Nuo Chen, Zhiyuan Hu, Qingyun Zou, Jiaying Wu, Qian Wang, Bryan Hooi, Bingsheng He

2025-04-02

JudgeLRM: Large Reasoning Models as a Judge

Summary

This paper explores how to train AI models to be better at judging the quality of other AI models, especially in areas that require complex thinking.

What's the problem?

Current methods for training AI judges don't always work well when complex reasoning is needed to evaluate the AI being judged.

What's the solution?

The researchers developed a new method called JudgeLRM that uses reinforcement learning to train AI judges to focus on the outcome of their judgments, making them better at evaluating complex tasks.

Why it matters?

This work matters because it can lead to more reliable and accurate ways to evaluate AI models, which is important for developing better AI.

Abstract

The rise of Large Language Models (LLMs) as evaluators offers a scalable alternative to human annotation, yet existing Supervised Fine-Tuning (SFT) for judges approaches often fall short in domains requiring complex reasoning. In this work, we investigate whether LLM judges truly benefit from enhanced reasoning capabilities.

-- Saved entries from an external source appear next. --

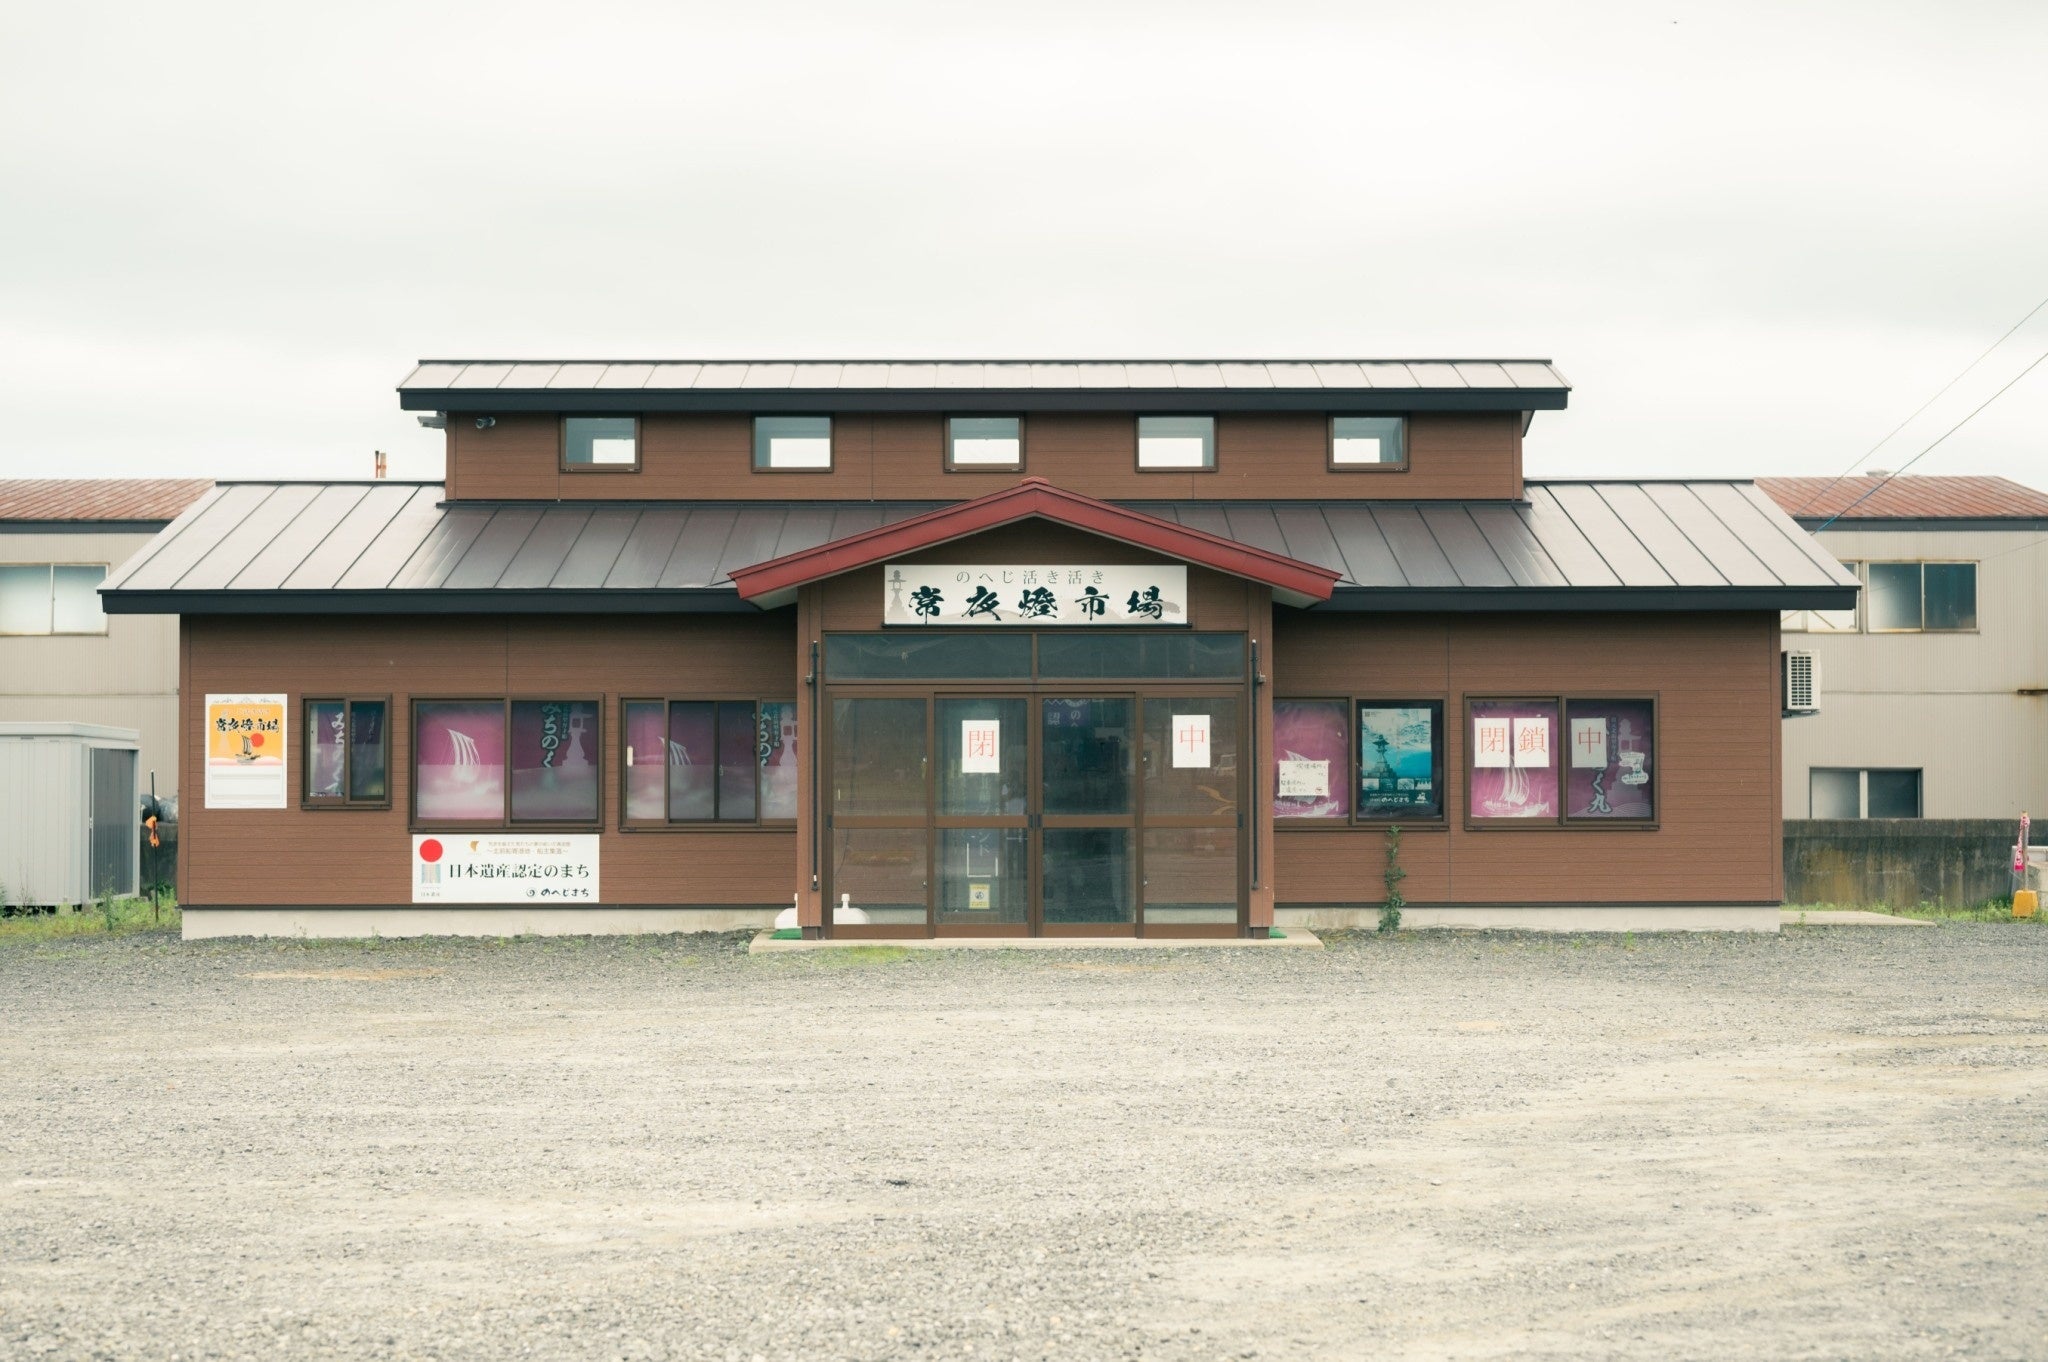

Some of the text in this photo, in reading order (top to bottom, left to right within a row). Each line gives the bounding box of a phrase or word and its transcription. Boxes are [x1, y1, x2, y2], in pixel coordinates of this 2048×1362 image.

[956, 569, 1105, 585] のへじ活き活き
[909, 585, 1164, 624] 常夜燈市場
[967, 730, 995, 759] 閉
[1179, 724, 1205, 754] 中
[1480, 726, 1506, 755] 閉
[1518, 725, 1546, 755] 鎖
[1577, 725, 1603, 756] 中
[449, 863, 590, 879] 日本遺産認定のまち
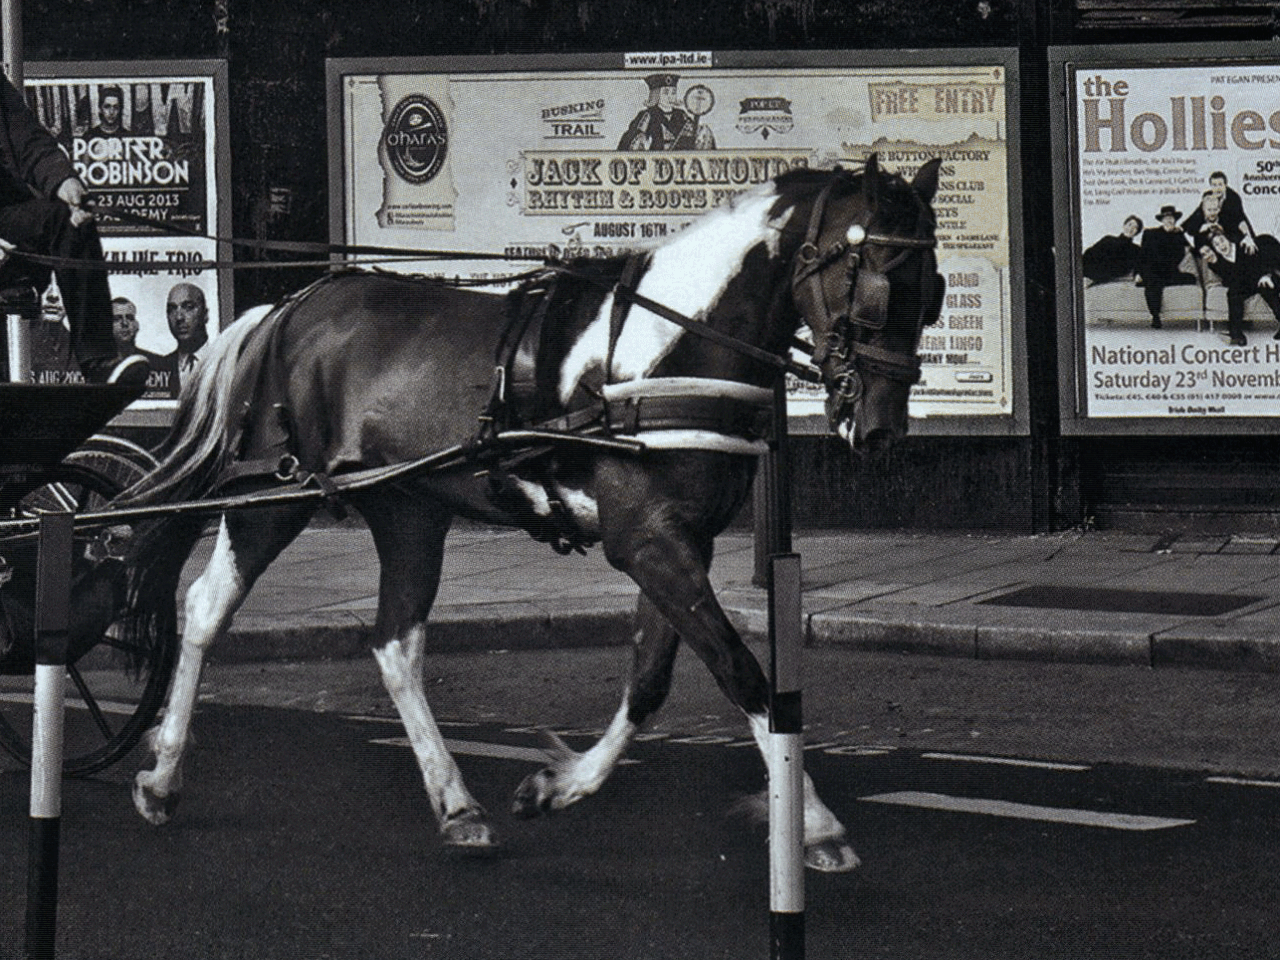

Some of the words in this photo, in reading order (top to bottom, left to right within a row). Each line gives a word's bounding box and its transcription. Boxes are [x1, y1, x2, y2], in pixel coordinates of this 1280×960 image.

[1083, 75, 1129, 97] the
[541, 99, 605, 119] BUSKING
[876, 88, 918, 114] FREE
[935, 87, 996, 114] ENTRY
[552, 123, 600, 136] TRAIL
[73, 137, 164, 161] PORTER
[888, 150, 935, 161] BUTTON
[73, 160, 189, 185] ROBINSON
[528, 158, 602, 186] JACK
[609, 158, 646, 186] OF
[956, 181, 984, 191] CLUB
[98, 195, 113, 207] 23
[116, 195, 145, 207] AUG
[148, 194, 179, 207] 2013
[528, 190, 614, 209] RHYTHM
[618, 189, 634, 209] &
[638, 188, 708, 209] ROOTS
[593, 222, 636, 238] AUGUST
[640, 223, 667, 238] 16TH
[948, 273, 979, 287] BAND
[946, 294, 981, 308] GLASS
[1092, 344, 1176, 365] National
[1181, 344, 1260, 365] Concert
[1094, 370, 1171, 392] Saturday
[1175, 369, 1208, 387] 23rd
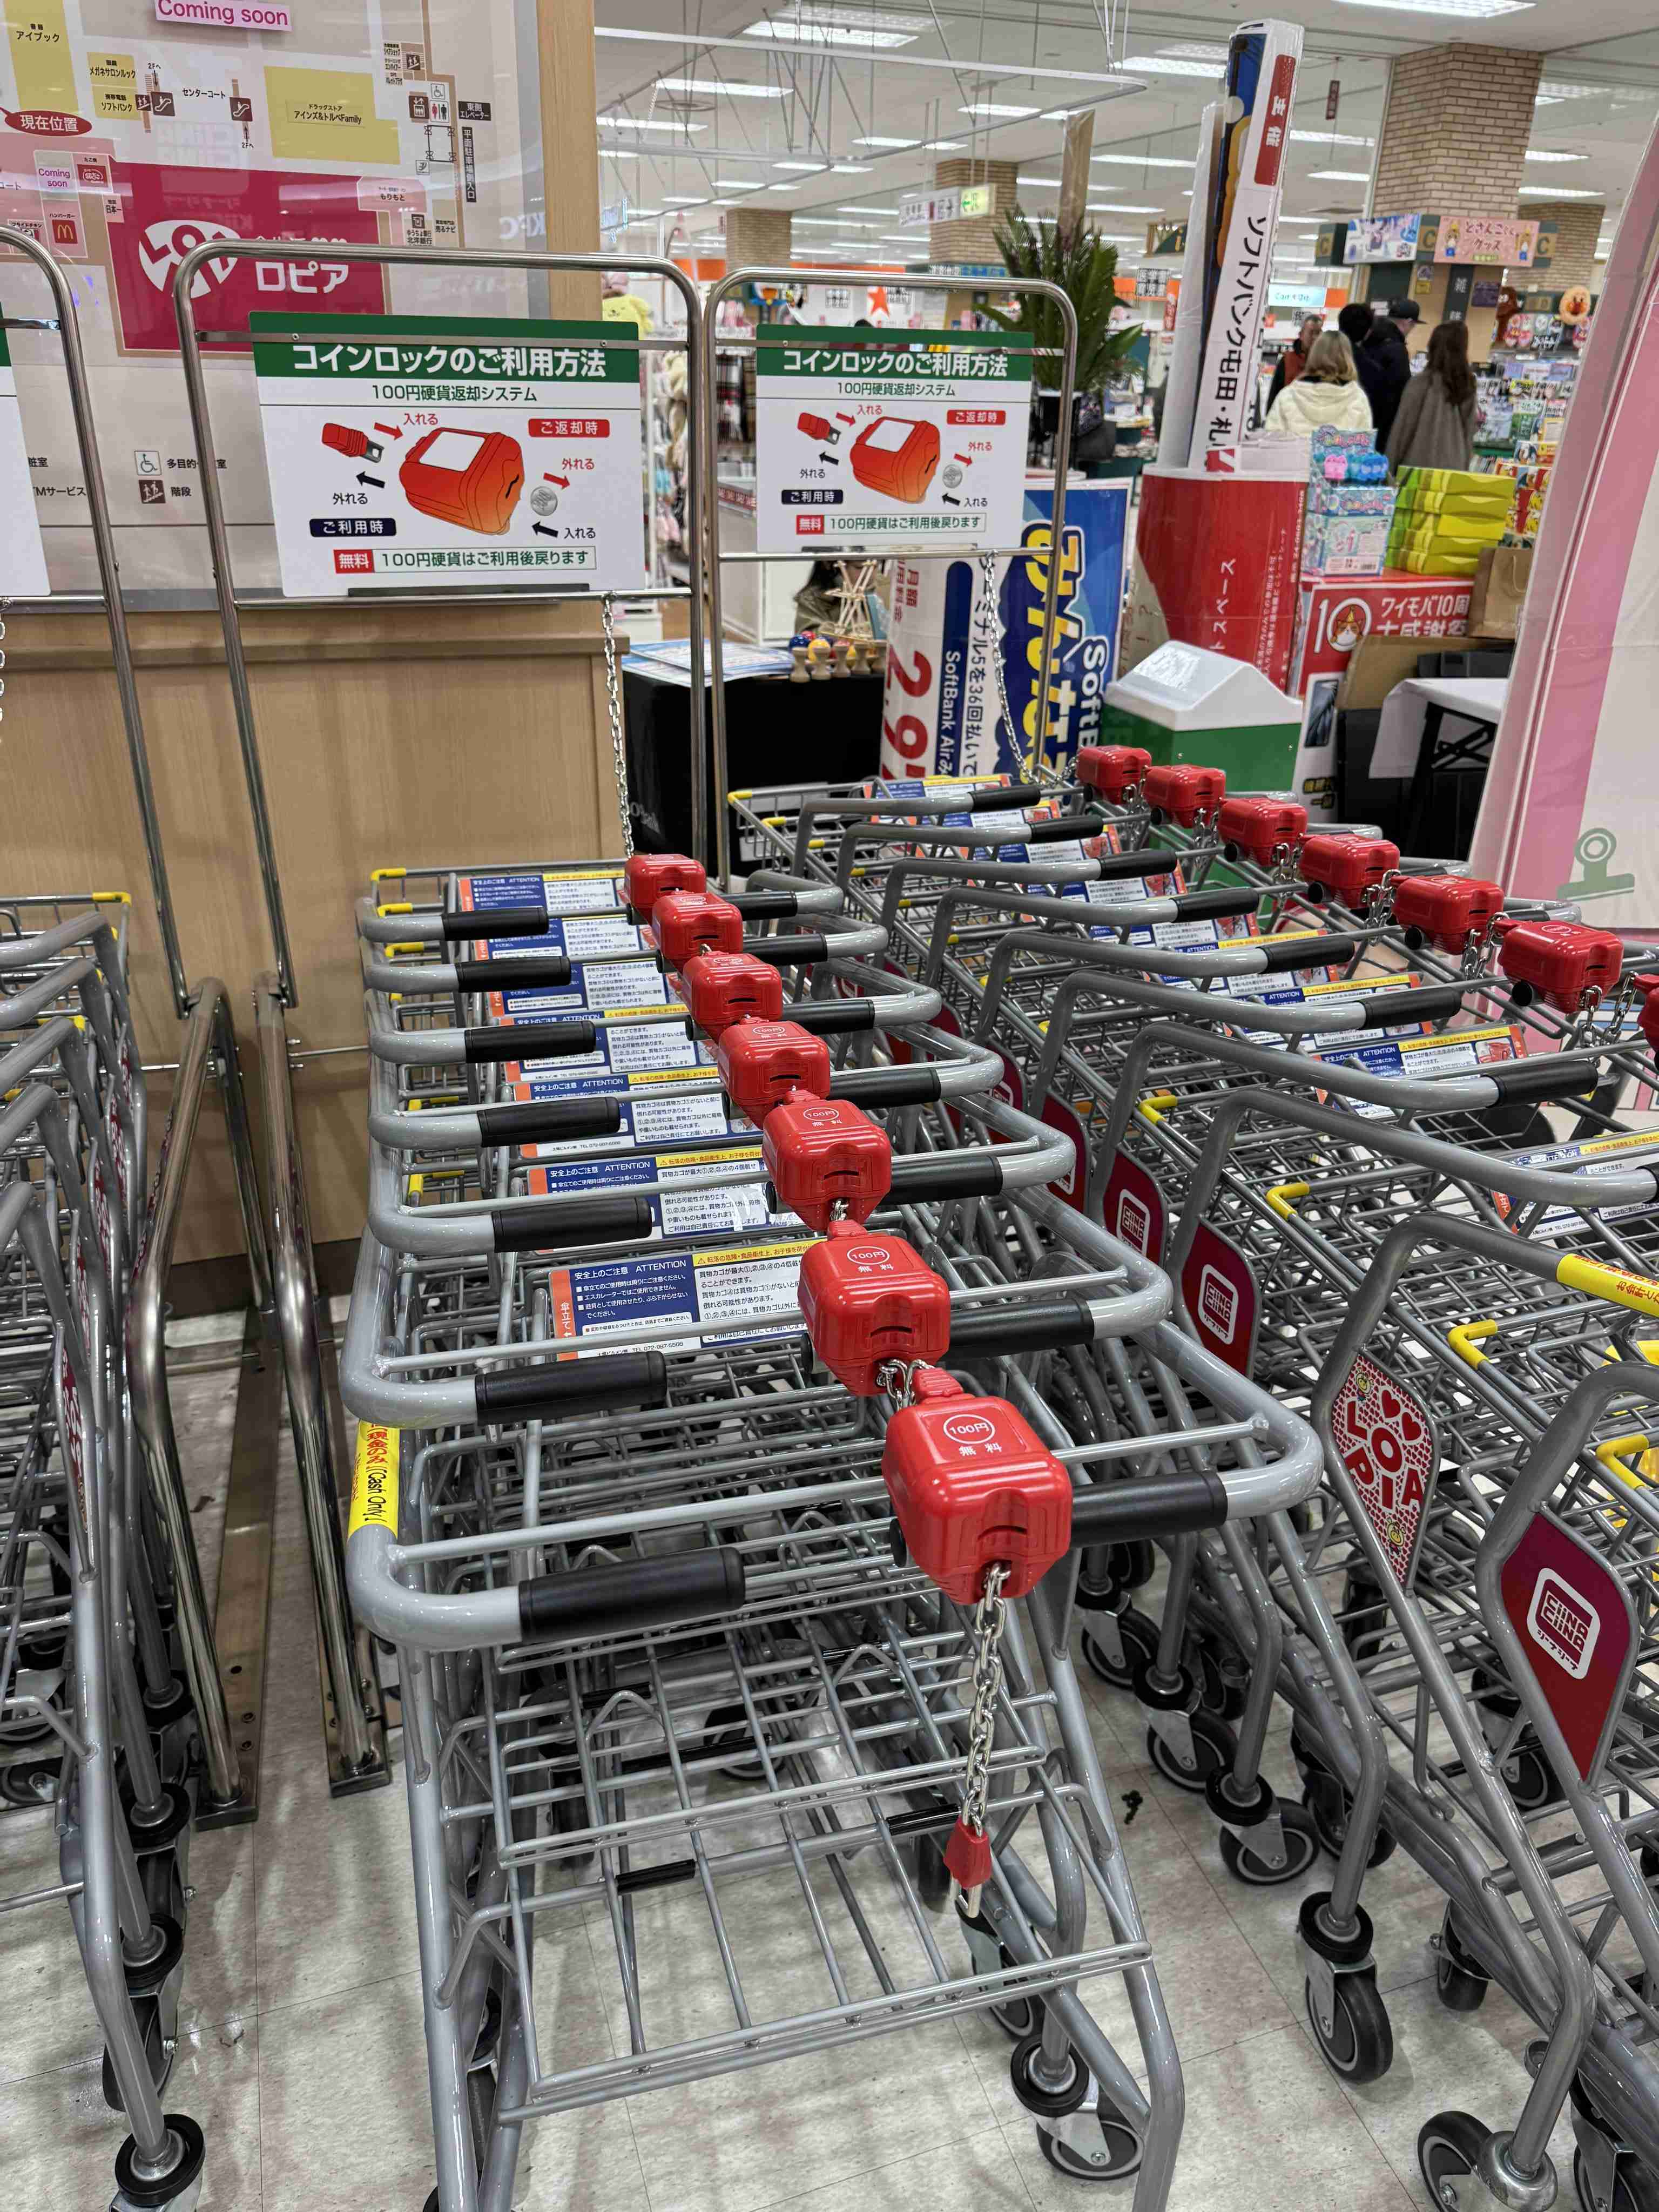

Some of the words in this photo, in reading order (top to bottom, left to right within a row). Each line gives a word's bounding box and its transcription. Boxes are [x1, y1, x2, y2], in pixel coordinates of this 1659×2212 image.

[158, 0, 235, 25] Coming
[241, 9, 288, 26] soon
[16, 31, 59, 43] アイブック
[90, 67, 136, 78] メガネサロンルック
[182, 87, 226, 99] センターコート
[101, 102, 133, 112] ソフトバンク
[460, 110, 489, 119] エレベーター
[20, 114, 79, 132] 現在位置
[38, 168, 70, 179] Coming
[48, 180, 68, 188] soon
[380, 193, 406, 201] もりもと
[255, 260, 349, 294] ロピア
[1208, 215, 1266, 447] ソフトバンク屯田・札
[293, 344, 606, 377] コインロックのご利用方法
[783, 350, 1008, 377] コインロックのご利用方法
[373, 384, 537, 402] 100円硬貨返却システム
[838, 382, 955, 397] 100円硬貨返却システム
[857, 404, 882, 415] 入れる
[403, 413, 438, 426] 入れる
[955, 412, 997, 423] ご返却時
[541, 421, 598, 435] ご返却時
[968, 441, 993, 452] 外れる
[562, 457, 595, 470] 外れる
[799, 468, 826, 479] 外れる
[171, 487, 192, 497] 階段
[332, 492, 368, 505] 外れる
[790, 491, 835, 503] ご利用時
[964, 497, 988, 508] 入れる
[322, 520, 384, 535] ご利用時
[799, 517, 821, 531] 無料
[830, 516, 981, 530] 100円硬貨はご利用後戻ります
[564, 527, 596, 539] 入れる
[338, 553, 370, 569] 無料
[382, 549, 588, 567] 100円硬貨はご利用後戻ります
[906, 568, 920, 608] 月額
[941, 650, 961, 730] SoftBank
[1269, 992, 1300, 1000] ATTENTION
[1363, 1046, 1395, 1057] ATTENTION
[534, 1082, 577, 1092] 安全上のご注意
[583, 1078, 624, 1088] ATTENTION
[550, 1166, 598, 1178] 安全上のご注意
[604, 1161, 650, 1172] ATTENTION
[852, 1250, 887, 1260] 100円
[574, 1266, 629, 1280] 安全上のご注意
[636, 1259, 686, 1273] ATTENTION
[858, 1263, 894, 1273] 無料
[701, 1276, 752, 1289] ることができます。
[703, 1294, 774, 1310] 倒れる可能性があります。
[586, 1311, 616, 1319] でください。
[949, 1422, 990, 1435] 100円
[959, 1442, 1003, 1456] 無料
[1537, 1629, 1579, 1670] シーナシーナ

Through a detailed analysis of reasoning requirements across evaluation tasks, we reveal a negative correlation between SFT performance gains and the proportion of reasoning-demanding samples - highlighting the limitations of SFT in such scenarios. To address this, we introduce JudgeLRM, a family of judgment-oriented LLMs trained using reinforcement learning (RL) with judge-wise, outcome-driven rewards. JudgeLRM models consistently outperform both SFT-tuned and state-of-the-art reasoning models. Notably, JudgeLRM-3B surpasses GPT-4, and JudgeLRM-7B outperforms DeepSeek-R1 by 2.79% in F1 score, particularly excelling in judge tasks requiring deep reasoning.